Collected data
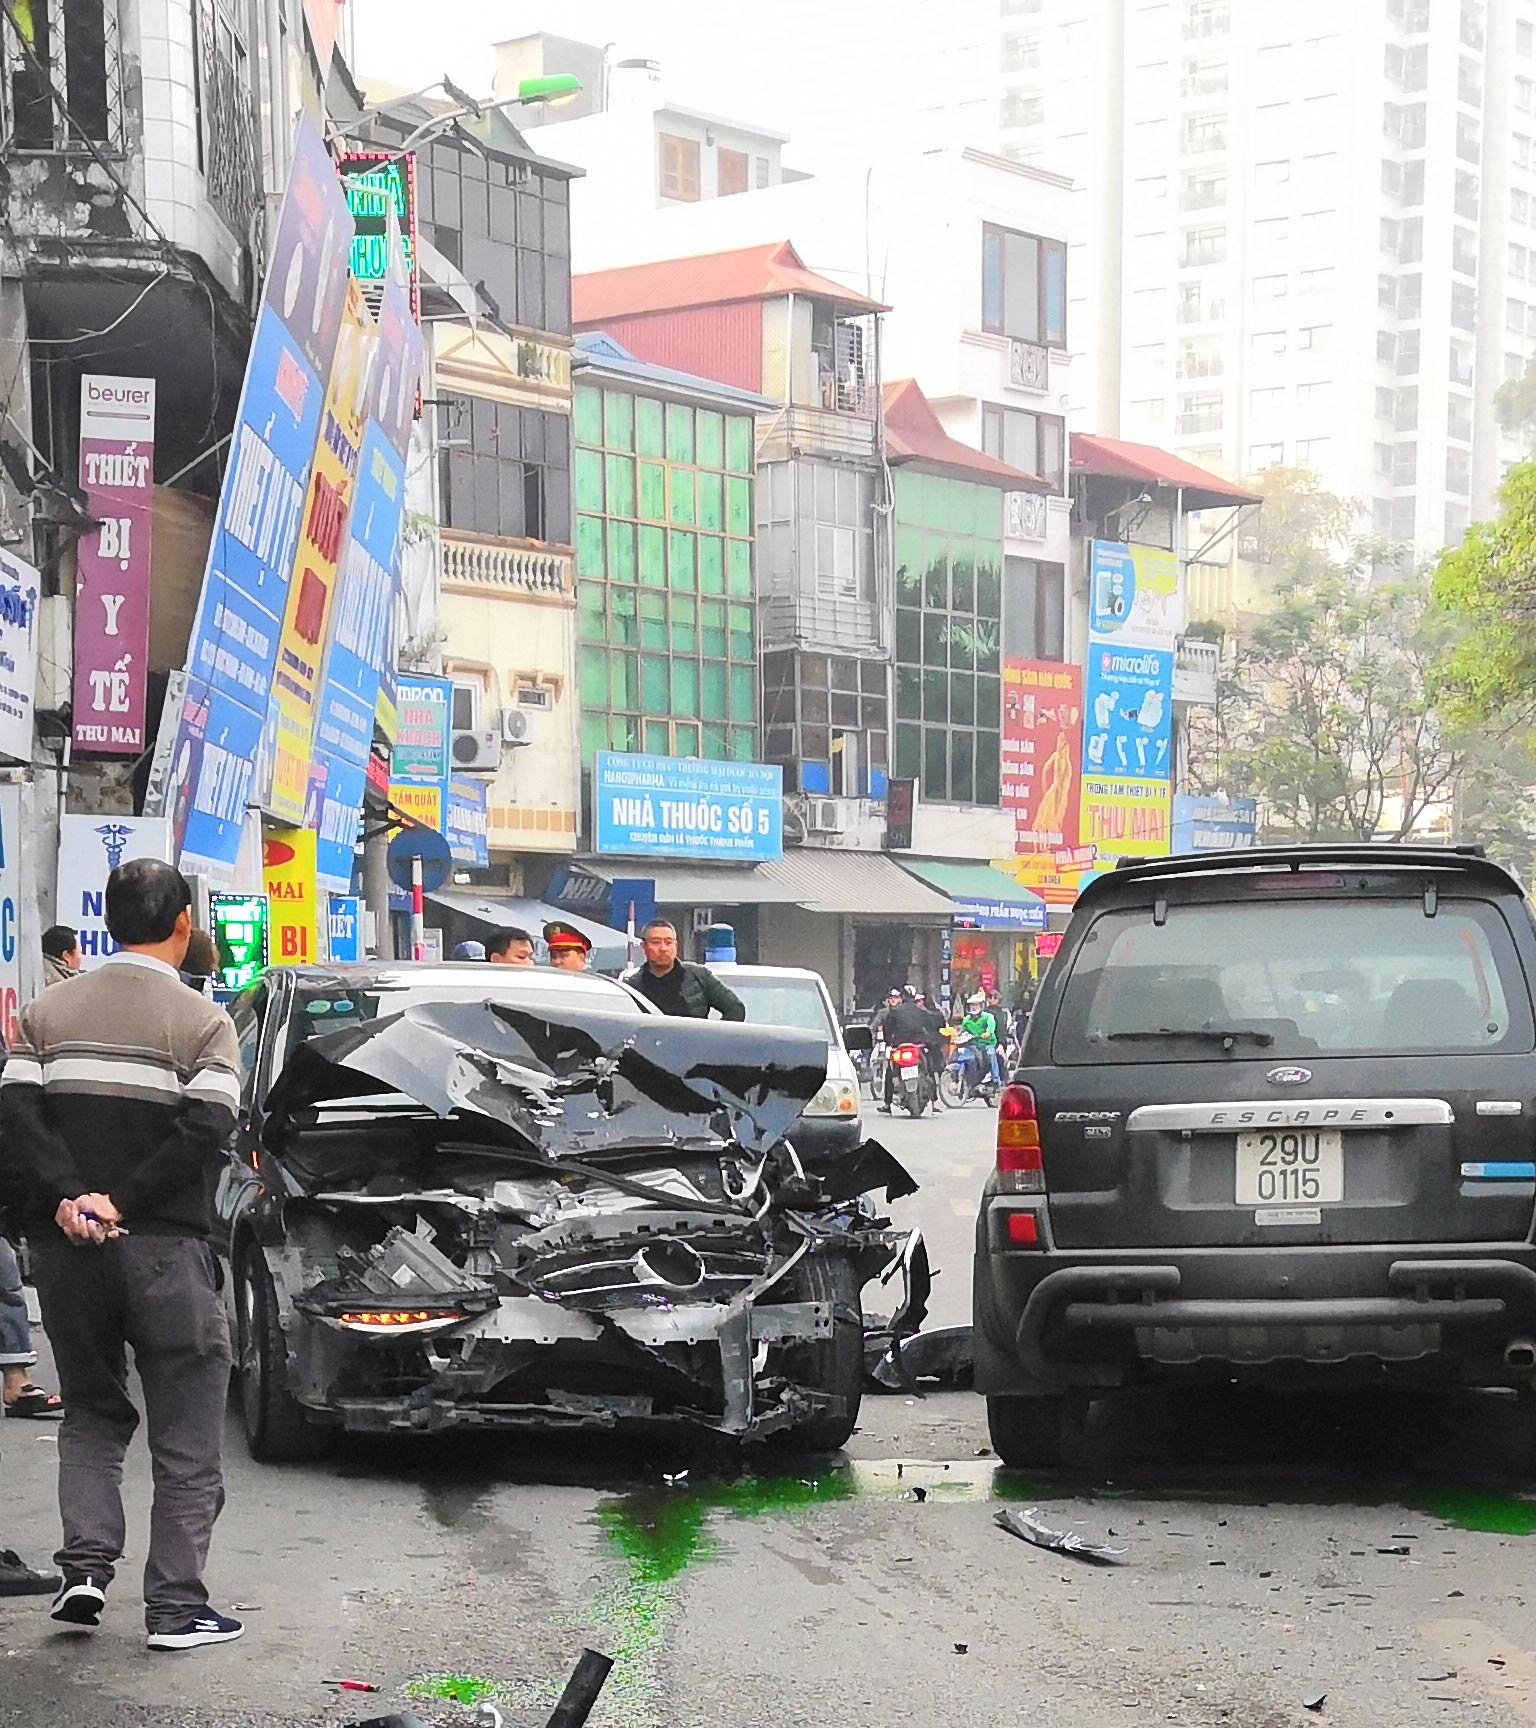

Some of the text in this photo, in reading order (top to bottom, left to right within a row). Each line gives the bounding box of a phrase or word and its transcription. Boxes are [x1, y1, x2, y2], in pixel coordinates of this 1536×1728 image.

[88, 381, 151, 405] beurer
[84, 443, 150, 490] THIẾT
[98, 517, 132, 574] BỊ
[99, 593, 126, 637] Y
[1112, 653, 1160, 676] microlife
[89, 655, 132, 713] TẾ
[76, 723, 142, 745] THU MAI
[660, 791, 722, 832] THUỐC
[728, 797, 754, 834] SỐ
[758, 808, 770, 836] 5
[1087, 804, 1127, 840] THU
[1131, 806, 1167, 842] MAI
[268, 882, 304, 898] MAI
[1211, 1109, 1368, 1125] ESCAPE
[1259, 1134, 1321, 1167] 29U
[1258, 1168, 1321, 1201] 0115
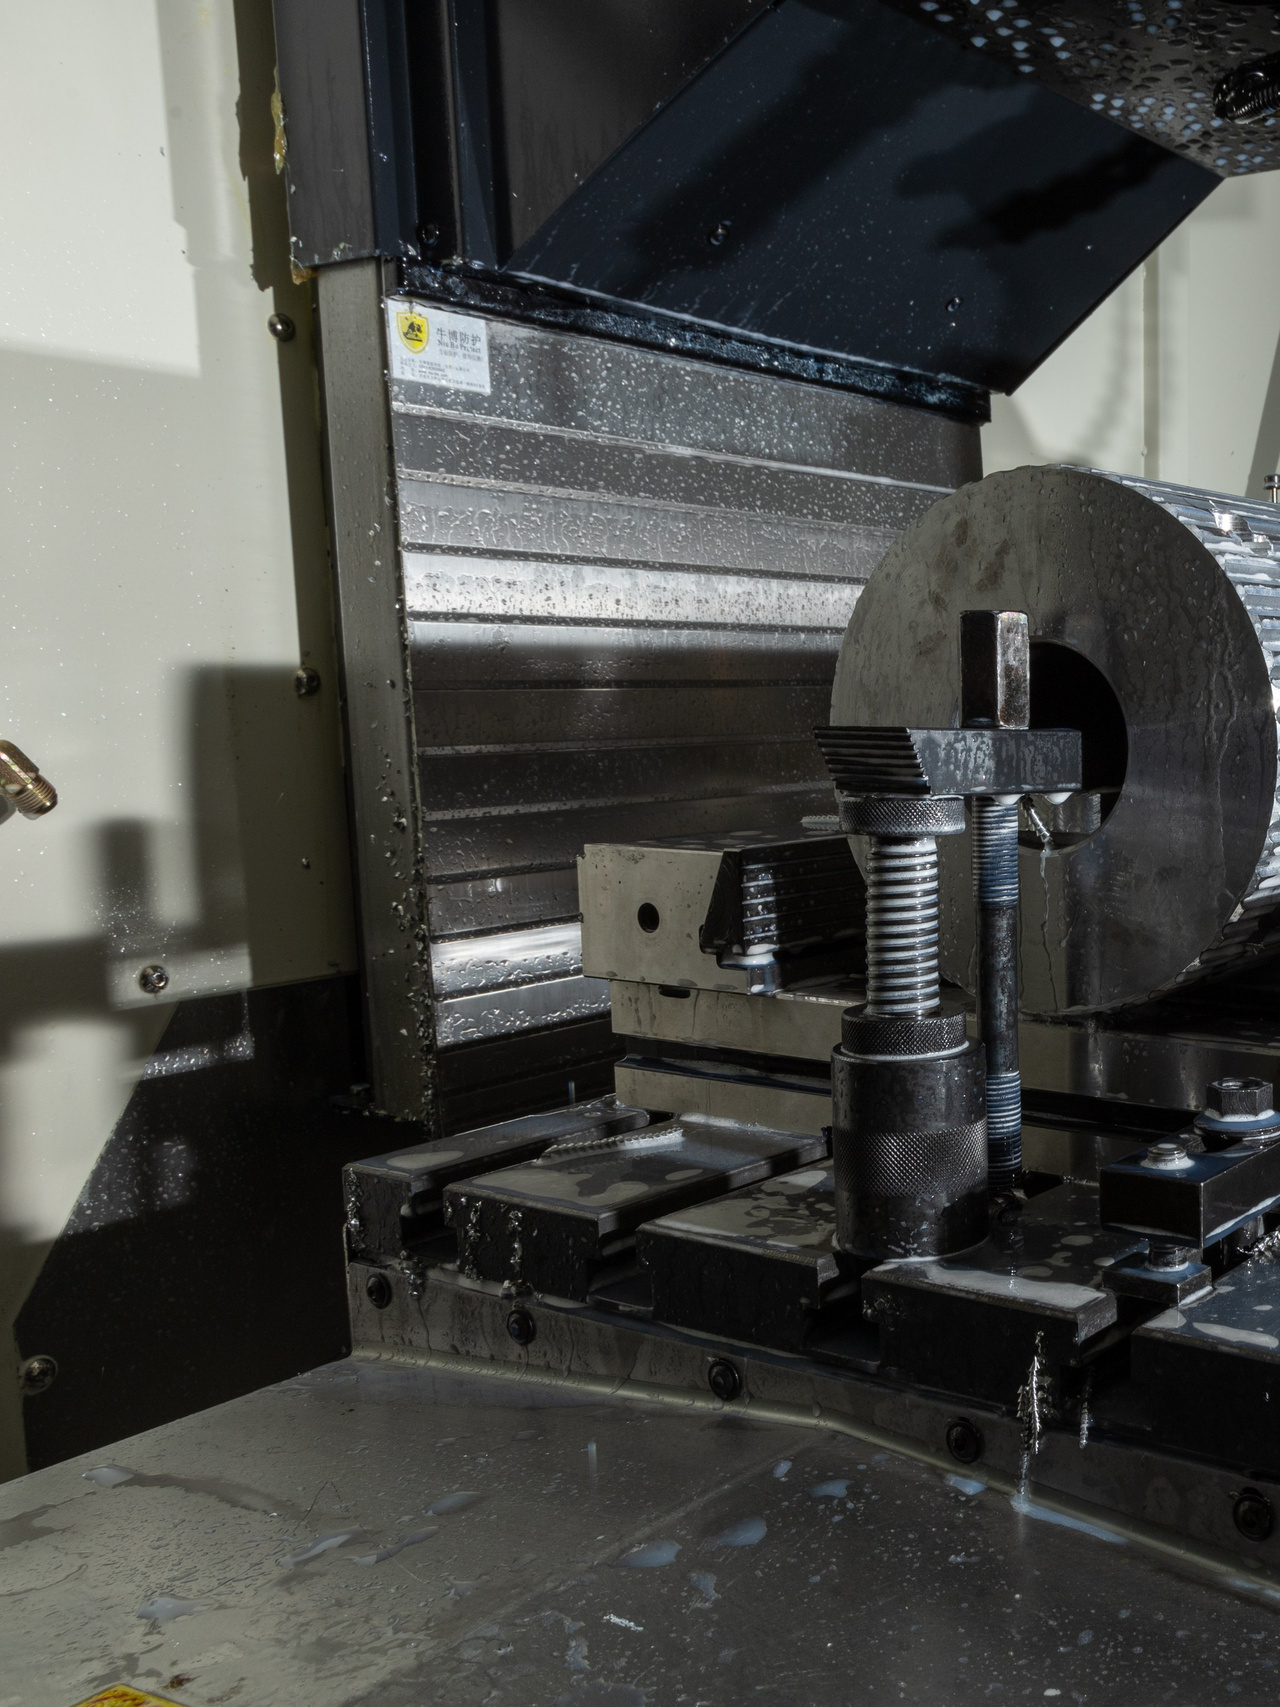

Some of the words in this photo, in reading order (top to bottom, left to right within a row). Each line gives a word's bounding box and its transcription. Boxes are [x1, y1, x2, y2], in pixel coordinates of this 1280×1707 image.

[436, 327, 482, 346] 牛博防护
[450, 342, 459, 350] Bo
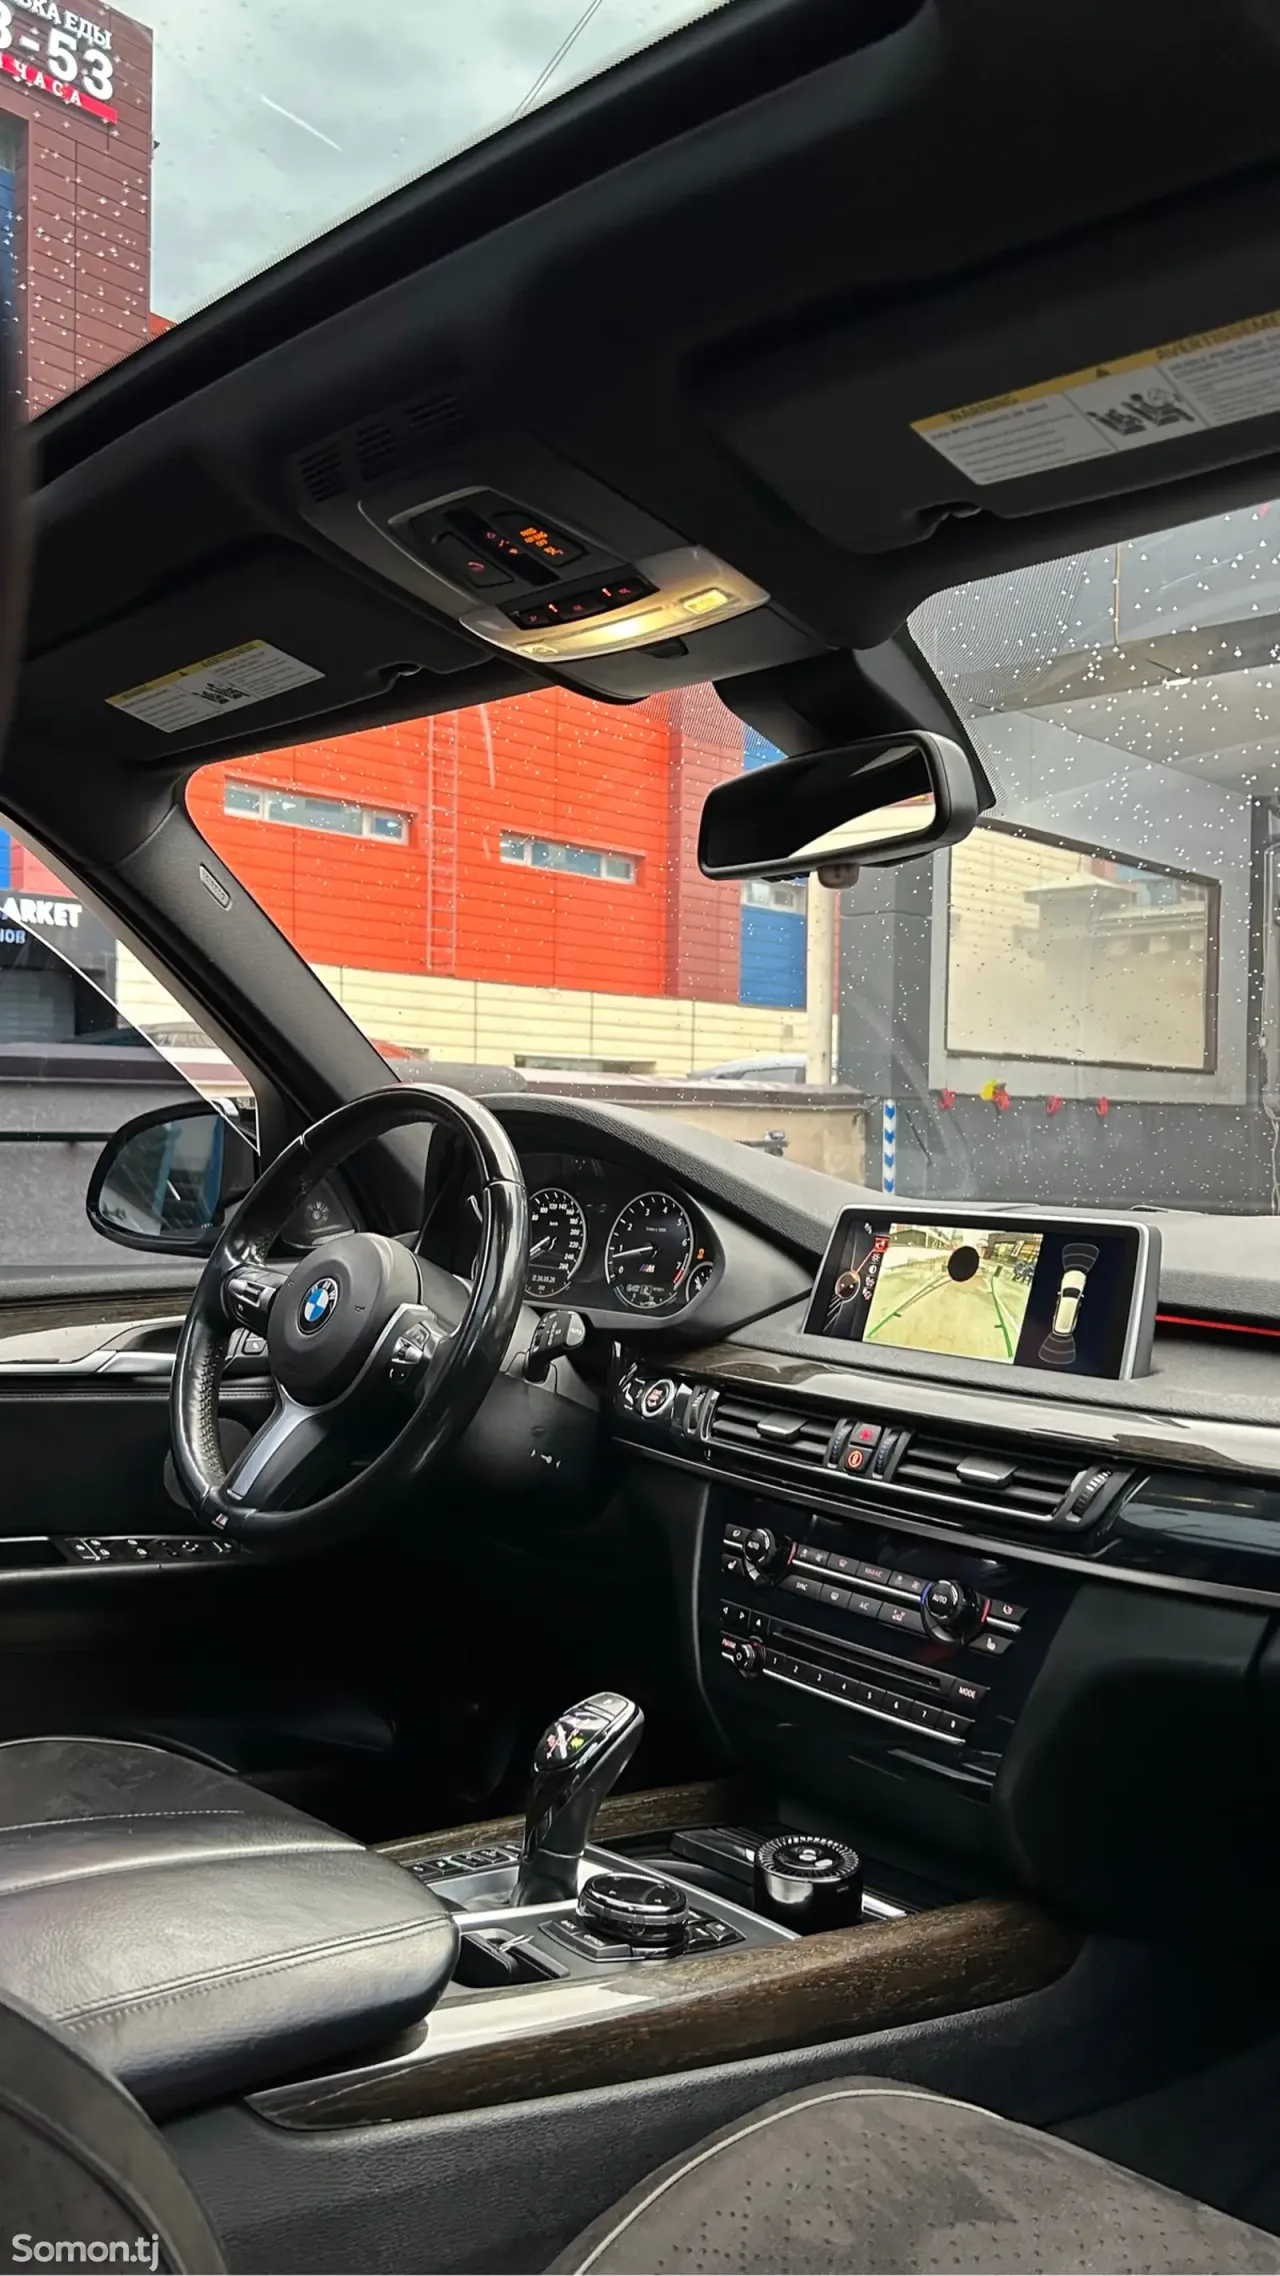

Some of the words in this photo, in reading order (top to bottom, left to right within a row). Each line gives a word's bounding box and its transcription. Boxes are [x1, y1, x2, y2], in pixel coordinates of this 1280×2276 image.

[64, 10, 113, 50] ЕДЫ
[13, 58, 82, 106] ЧАСА
[644, 1208, 651, 1217] 3
[662, 1206, 668, 1214] 4
[627, 1223, 634, 1231] 2
[676, 1218, 683, 1227] 5
[681, 1238, 688, 1247] 6
[676, 1261, 682, 1269] 7
[747, 1540, 760, 1550] AUTO
[932, 1593, 947, 1605] AUTO
[793, 1665, 799, 1673] 2
[817, 1673, 822, 1682] 3
[867, 1691, 872, 1699] 5
[958, 1686, 976, 1699] MODE
[894, 1701, 899, 1709] 6
[922, 1710, 927, 1718] 7
[951, 1720, 956, 1728] 8

→ Assigned task
Send back the entries above exactly. Skip the images.

→ Expected answer
Some of the text in this photo, in reading order (top to bottom, left to right within a row). Each line gives the bounding box of a phrase or word and its transcription. Boxes are [x1, y1, x2, y2], in pixel coordinates of this 1536×1728 image.

[88, 381, 151, 405] beurer
[84, 443, 150, 490] THIẾT
[98, 517, 132, 574] BỊ
[99, 593, 126, 637] Y
[1112, 653, 1160, 676] microlife
[89, 655, 132, 713] TẾ
[76, 723, 142, 745] THU MAI
[660, 791, 722, 832] THUỐC
[728, 797, 754, 834] SỐ
[758, 808, 770, 836] 5
[1087, 804, 1127, 840] THU
[1131, 806, 1167, 842] MAI
[268, 882, 304, 898] MAI
[1211, 1109, 1368, 1125] ESCAPE
[1259, 1134, 1321, 1167] 29U
[1258, 1168, 1321, 1201] 0115

Some of the words in this photo, in reading order (top to bottom, left to right within a row). Each line gives a word's bounding box and its transcription. Boxes are [x1, y1, x2, y2], in pixel coordinates of this 1280×1707 image.

[436, 327, 482, 346] 牛博防护
[450, 342, 459, 350] Bo

Some of the words in this photo, in reading order (top to bottom, left to right within a row). Each line gives a word's bounding box and its transcription. Boxes are [x1, y1, x2, y2], in pixel coordinates of this 1280×2276 image.

[64, 10, 113, 50] ЕДЫ
[13, 58, 82, 106] ЧАСА
[644, 1208, 651, 1217] 3
[662, 1206, 668, 1214] 4
[627, 1223, 634, 1231] 2
[676, 1218, 683, 1227] 5
[681, 1238, 688, 1247] 6
[676, 1261, 682, 1269] 7
[747, 1540, 760, 1550] AUTO
[932, 1593, 947, 1605] AUTO
[793, 1665, 799, 1673] 2
[817, 1673, 822, 1682] 3
[867, 1691, 872, 1699] 5
[958, 1686, 976, 1699] MODE
[894, 1701, 899, 1709] 6
[922, 1710, 927, 1718] 7
[951, 1720, 956, 1728] 8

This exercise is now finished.